• _Exercise materials_:

———

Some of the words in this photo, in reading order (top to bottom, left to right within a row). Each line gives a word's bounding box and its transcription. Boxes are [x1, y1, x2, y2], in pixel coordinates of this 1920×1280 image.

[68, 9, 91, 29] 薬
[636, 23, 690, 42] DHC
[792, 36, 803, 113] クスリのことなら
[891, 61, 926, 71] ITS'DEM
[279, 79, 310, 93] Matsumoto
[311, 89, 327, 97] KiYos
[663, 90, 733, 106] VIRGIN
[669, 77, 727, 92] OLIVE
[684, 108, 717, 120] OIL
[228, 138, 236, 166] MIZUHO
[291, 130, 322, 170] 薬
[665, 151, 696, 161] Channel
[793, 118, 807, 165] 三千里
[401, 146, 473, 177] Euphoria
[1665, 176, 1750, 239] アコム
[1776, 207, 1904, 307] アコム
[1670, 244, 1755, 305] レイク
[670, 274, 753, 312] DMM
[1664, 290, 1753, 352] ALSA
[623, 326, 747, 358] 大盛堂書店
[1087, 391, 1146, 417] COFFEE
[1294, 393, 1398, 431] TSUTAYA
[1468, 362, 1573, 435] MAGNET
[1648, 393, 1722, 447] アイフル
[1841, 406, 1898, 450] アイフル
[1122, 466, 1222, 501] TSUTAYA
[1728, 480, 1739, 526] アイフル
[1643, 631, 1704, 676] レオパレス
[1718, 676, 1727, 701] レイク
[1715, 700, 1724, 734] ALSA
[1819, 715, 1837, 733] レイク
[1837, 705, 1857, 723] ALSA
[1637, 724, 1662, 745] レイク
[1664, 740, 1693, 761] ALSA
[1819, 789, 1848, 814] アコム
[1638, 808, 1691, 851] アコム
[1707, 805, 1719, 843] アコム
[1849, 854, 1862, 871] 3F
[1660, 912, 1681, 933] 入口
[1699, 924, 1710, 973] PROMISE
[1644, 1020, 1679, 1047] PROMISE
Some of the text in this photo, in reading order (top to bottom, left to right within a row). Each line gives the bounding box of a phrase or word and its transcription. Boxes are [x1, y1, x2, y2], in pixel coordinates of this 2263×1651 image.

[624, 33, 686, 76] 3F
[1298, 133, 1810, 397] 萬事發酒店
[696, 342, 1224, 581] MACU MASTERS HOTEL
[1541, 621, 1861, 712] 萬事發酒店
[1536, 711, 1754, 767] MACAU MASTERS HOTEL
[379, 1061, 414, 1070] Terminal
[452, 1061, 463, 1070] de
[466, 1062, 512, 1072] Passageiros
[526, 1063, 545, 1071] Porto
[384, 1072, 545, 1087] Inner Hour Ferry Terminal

———

The complete listing above is to be output again exactly.

• _Answer below_:
Some of the words in this photo, in reading order (top to bottom, left to right within a row). Each line gives a word's bounding box and its transcription. Boxes are [x1, y1, x2, y2], in pixel coordinates of this 1920×1280 image.

[68, 9, 91, 29] 薬
[636, 23, 690, 42] DHC
[792, 36, 803, 113] クスリのことなら
[891, 61, 926, 71] ITS'DEM
[279, 79, 310, 93] Matsumoto
[311, 89, 327, 97] KiYos
[663, 90, 733, 106] VIRGIN
[669, 77, 727, 92] OLIVE
[684, 108, 717, 120] OIL
[228, 138, 236, 166] MIZUHO
[291, 130, 322, 170] 薬
[665, 151, 696, 161] Channel
[793, 118, 807, 165] 三千里
[401, 146, 473, 177] Euphoria
[1665, 176, 1750, 239] アコム
[1776, 207, 1904, 307] アコム
[1670, 244, 1755, 305] レイク
[670, 274, 753, 312] DMM
[1664, 290, 1753, 352] ALSA
[623, 326, 747, 358] 大盛堂書店
[1087, 391, 1146, 417] COFFEE
[1294, 393, 1398, 431] TSUTAYA
[1468, 362, 1573, 435] MAGNET
[1648, 393, 1722, 447] アイフル
[1841, 406, 1898, 450] アイフル
[1122, 466, 1222, 501] TSUTAYA
[1728, 480, 1739, 526] アイフル
[1643, 631, 1704, 676] レオパレス
[1718, 676, 1727, 701] レイク
[1715, 700, 1724, 734] ALSA
[1819, 715, 1837, 733] レイク
[1837, 705, 1857, 723] ALSA
[1637, 724, 1662, 745] レイク
[1664, 740, 1693, 761] ALSA
[1819, 789, 1848, 814] アコム
[1638, 808, 1691, 851] アコム
[1707, 805, 1719, 843] アコム
[1849, 854, 1862, 871] 3F
[1660, 912, 1681, 933] 入口
[1699, 924, 1710, 973] PROMISE
[1644, 1020, 1679, 1047] PROMISE
Some of the text in this photo, in reading order (top to bottom, left to right within a row). Each line gives the bounding box of a phrase or word and its transcription. Boxes are [x1, y1, x2, y2], in pixel coordinates of this 2263×1651 image.

[624, 33, 686, 76] 3F
[1298, 133, 1810, 397] 萬事發酒店
[696, 342, 1224, 581] MACU MASTERS HOTEL
[1541, 621, 1861, 712] 萬事發酒店
[1536, 711, 1754, 767] MACAU MASTERS HOTEL
[379, 1061, 414, 1070] Terminal
[452, 1061, 463, 1070] de
[466, 1062, 512, 1072] Passageiros
[526, 1063, 545, 1071] Porto
[384, 1072, 545, 1087] Inner Hour Ferry Terminal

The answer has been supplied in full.